It contains short video clips, text descriptions, camera intrinsics, and detailed MANO-based 3D hand annotations.
The dataset supports research in **3D hand forecasting**, **hand pose estimation**, **hand–object interaction understanding**, and **video–language modeling**.

![Demo GIF](EgoHaFL.gif)

[![Paper](https://img.shields.io/badge/Paper-B31B1B?style=for-the-badge&logo=arxiv&logoColor=white)](https://arxiv.org/pdf/2511.18127)
[![Model](https://img.shields.io/badge/Model-FF6D00?style=for-the-badge\&logo=huggingface\&logoColor=ffffff)](https://huggingface.co/ut-vision/SFHand)
[![GitHub](https://img.shields.io/badge/GitHub-000000?style=for-the-badge&logo=github&logoColor=white)](https://github.com/ut-vision/SFHand)

---

## 📦 **Dataset Contents**

### **1. Metadata CSV Files**

* `EgoHaFL_train.csv`
* `EgoHaFL_test.csv`

Each row corresponds to one sample and contains:

| Field            | Description                                |
| ---------------- | ------------------------------------------ |
| `uid`            | Unique sample identifier                   |
| `video_id`       | Source video identifier                    |
| `start_second`   | Start time of the clip (seconds)           |
| `end_second`     | End time of the clip (seconds)             |
| `caption`        | Natural language instruction / description |
| `fx`, `fy`       | Camera focal lengths                       |
| `cx`, `cy`       | Principal point                            |
| `vid_w`, `vid_h` | Original video resolution                  |

---

### **2. 3D Hand Annotations (EgoHaFL_lmdb)**

The folder `EgoHaFL_lmdb` stores all 3D annotations in **LMDB format**.

* **Key**: `uid`
* **Value**: a **list of length 16**, representing uniformly sampled frames across a **3-second video segment**.
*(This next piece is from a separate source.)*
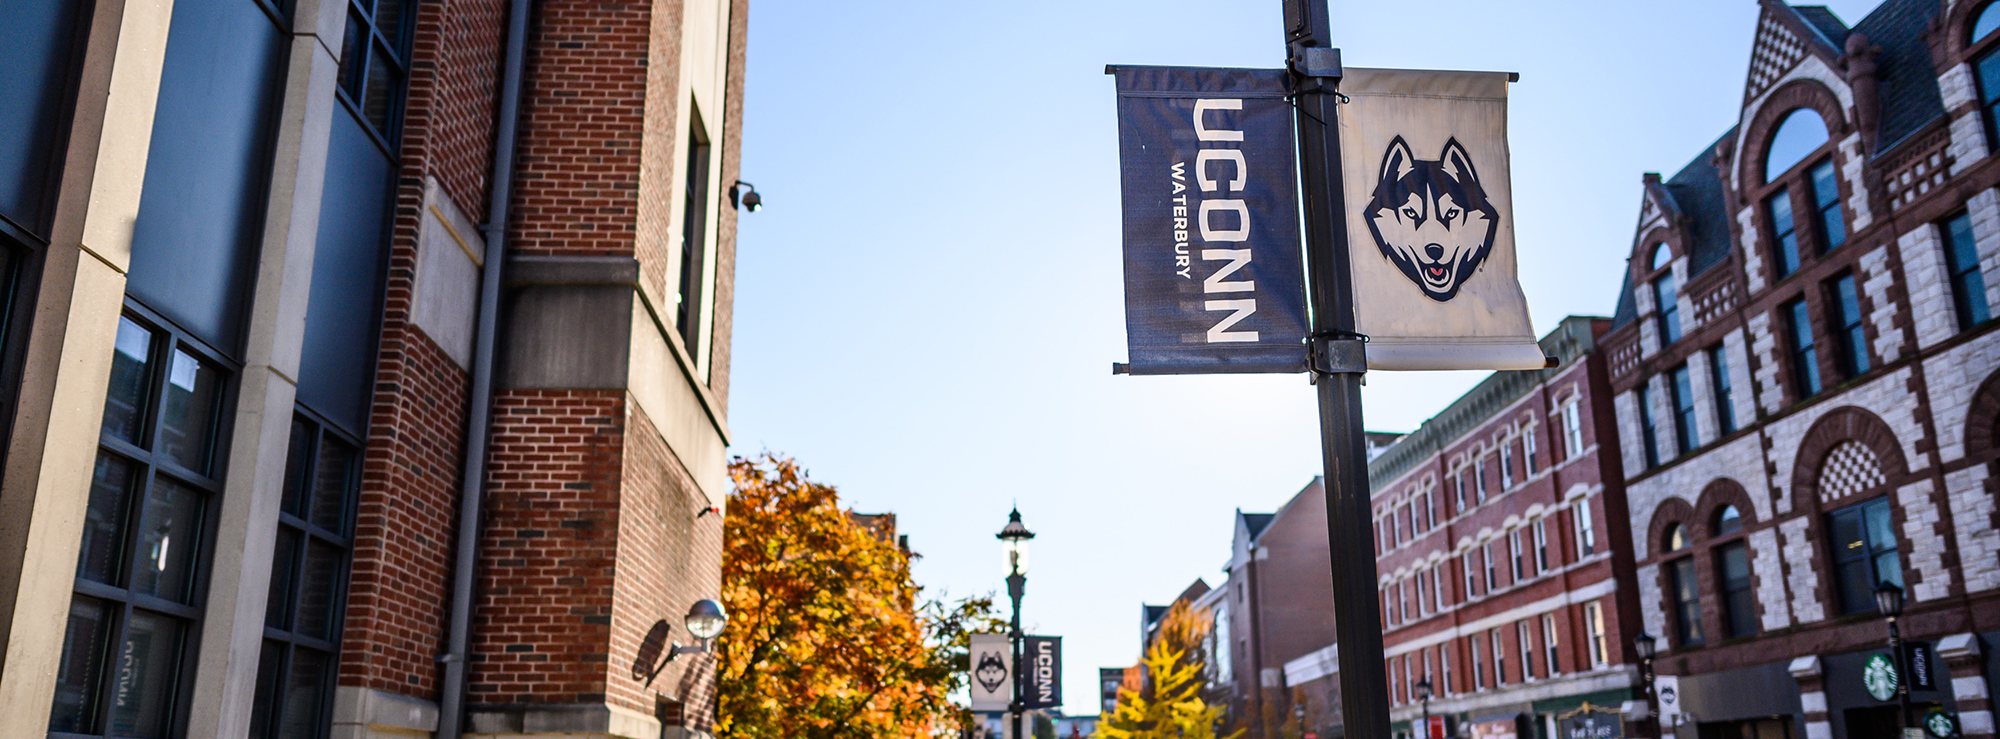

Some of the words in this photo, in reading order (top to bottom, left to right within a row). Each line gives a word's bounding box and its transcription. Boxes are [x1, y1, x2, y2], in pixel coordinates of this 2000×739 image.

[1171, 162, 1191, 279] WATERBURY
[1193, 99, 1259, 343] UCONN
[1038, 641, 1053, 703] UCONN
Each of the 16 elements is a dictionary containing:

* `mano_params`

  * `global_orient (n, 1, 3 ,3)`
  * `hand_pose (n, 15, 3, 3)`
  * `betas (n, 10)`
* `is_right (n,)`
* `keypoints_3d (n, 21, 3)`
* `keypoints_2d (n, 21, 2)`
* `vertices (n, 778, 3)`
* `box_center (n, 2)`
* `box_size (n,)`
* `camera_t (n, 3)`   *3D hand position in camera coordinate*
* `focal_length (n, 2)`

Here, `n` denotes the number of hands present in each frame, which may vary across frames. When no hands are detected, the dictionary is empty.

---

## 🌳 **Annotation Structure (Tree View)**

Below is the hierarchical structure for a single annotation entry (`uid → 16-frame list → per-frame dict`):

```
<uid>
└── list (length = 16)
    ├── [0]
    │   ├── mano_params
    │   │   ├── global_orient
    │   │   ├── hand_pose
    │   │   └── betas
    │   ├── is_right
    │   ├── keypoints_3d
    │   ├── keypoints_2d
    │   ├── vertices
    │   ├── box_center
    │   ├── box_size
    │   ├── camera_t
    │   └── focal_length
    ├── [1]
    │   └── ...
    ├── [2]
    │   └── ...
    └── ...
```

---

## 🎥 **Source of Video Data**

The video clips used in **EgoHaFL** originate from the **Ego4D V1** dataset.
For our experiments, we use the **original-length videos compressed to 224p resolution** to ensure efficient storage and training.

Official Ego4D website:
🔗 **[https://ego4d-data.org/](https://ego4d-data.org/)**

---

## 🧩 **Example of Use**

For details on how to load and use the EgoHaFL dataset,
please refer to the **dataloader implementation** in our GitHub repository:

🔗 **[https://github.com/ut-vision/SFHand](https://github.com/ut-vision/SFHand)**

---

## 🧠 **Supported Research Tasks**

* Egocentric 3D hand forecasting
* Hand motion prediction and trajectory modeling
* 3D hand pose estimation
* Hand–object interaction understanding
* Video–language multimodal modeling
* Temporal reasoning with 3D human hands

---

## 📚 Citation

If you use this dataset or find it helpful in your research, please cite:

```latex
@article{liu2025sfhand,
  title={SFHand: A Streaming Framework for Language-guided 3D Hand Forecasting and Embodied Manipulation},
  author={Liu, Ruicong and Huang, Yifei and Ouyang, Liangyang and Kang, Caixin and and Sato, Yoichi},
  journal={arXiv preprint arXiv:2511.18127},
  year={2025}
}
```